Sasha M. Harris said...

All good points being made here.

How many times have teachers made informal evaluation of their colleagues only to revise those evaluations over time? Evaluating student performance is a far cry from evaluating teacher job performance. I'm trained and experienced in the former not the latter.

Also, with more experience in teaching comes more understanding and acceptance that different methods/practices lead to similarly successful results. I went through phase early in my career of observing all the veterans and "star" teachers in my building. I was appalled by the practices of some who the principal thought were among the best in the school and learned a great deal from others who were thought of negatively by those same administrators. In the end, were any of these teachers worthy of being fired? I didn't think so.
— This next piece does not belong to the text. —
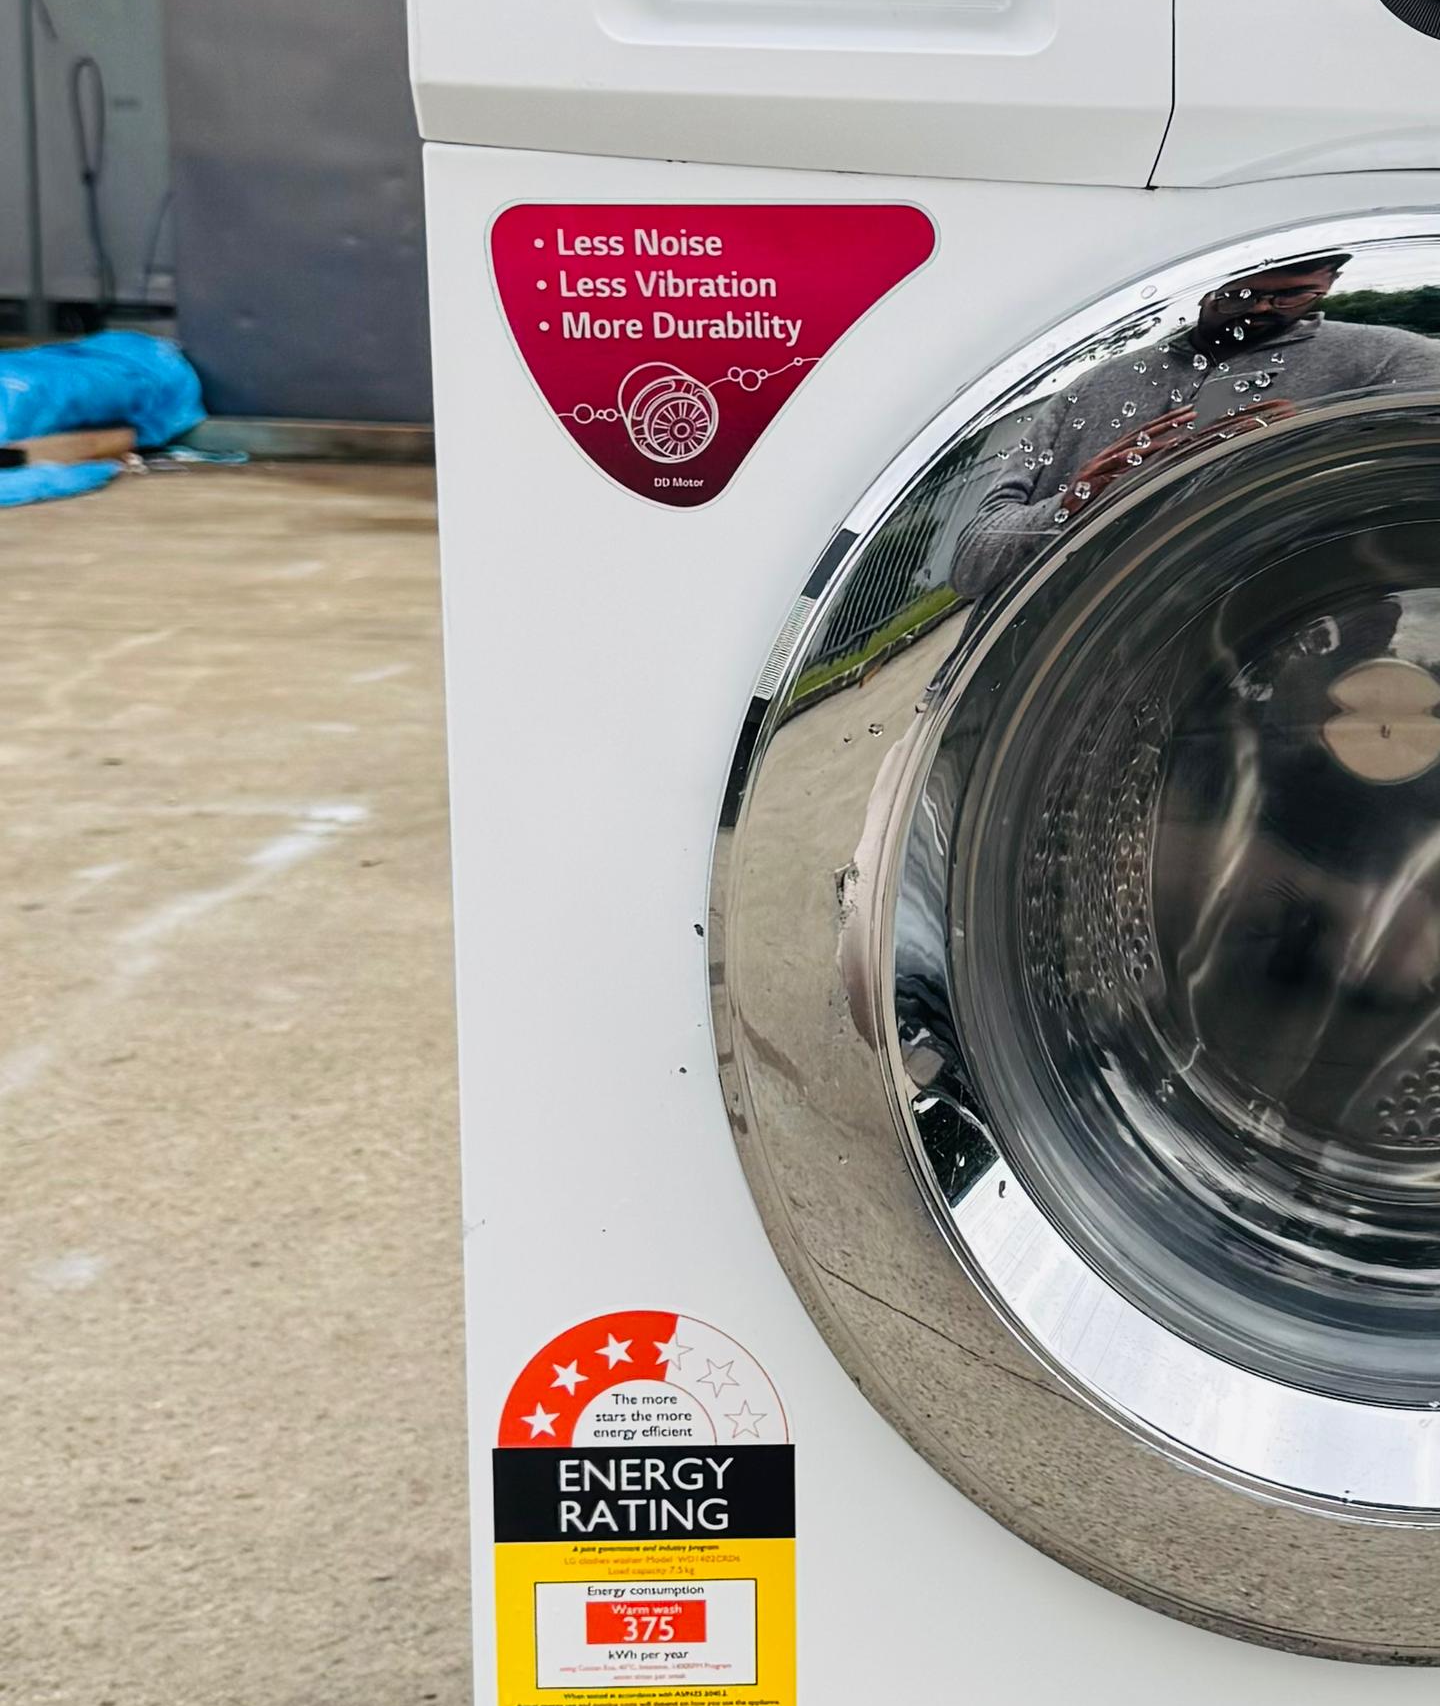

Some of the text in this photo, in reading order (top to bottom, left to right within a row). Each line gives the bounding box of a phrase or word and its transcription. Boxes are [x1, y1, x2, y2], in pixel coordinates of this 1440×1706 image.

Knowing who should be fired or replaced is, thankfully, not in my job description. Perhaps most teachers, being the kind-hearted people we are, would rather avoid making negative evaluations all together.

Brian Rude said...

I am not surprised by the figure of 34%, but I see your point. I have not taught all my life, but I do have a year or so of experience in each of four schools and four colleges. I can think of only one teacher in that experience that I would think of as really needing to be fired. But I read a lot in the blogs about teachers that ought to be fired. So I wonder about them. On the one hand I can imagine that teachers tend to think that other teachers that disagree with them, or teach differently, must be bad teachers. That's sort of a gossip-over-the-lunch-table kind of judgment, shallow and unfocused because there are no stakes. On the other hand I can imagine teachers being deeply thoughtful and deeply concerned about the practices of some of their colleagues.

You write well, Corey, and you mention that you had very definite opinions that some of your colleagues ought to have been fired. Why don't you put together a description, at least a thousand words, preferably two or more, of a bad teacher in your experience. I wonder if your idea of a bad teacher would agree with others'.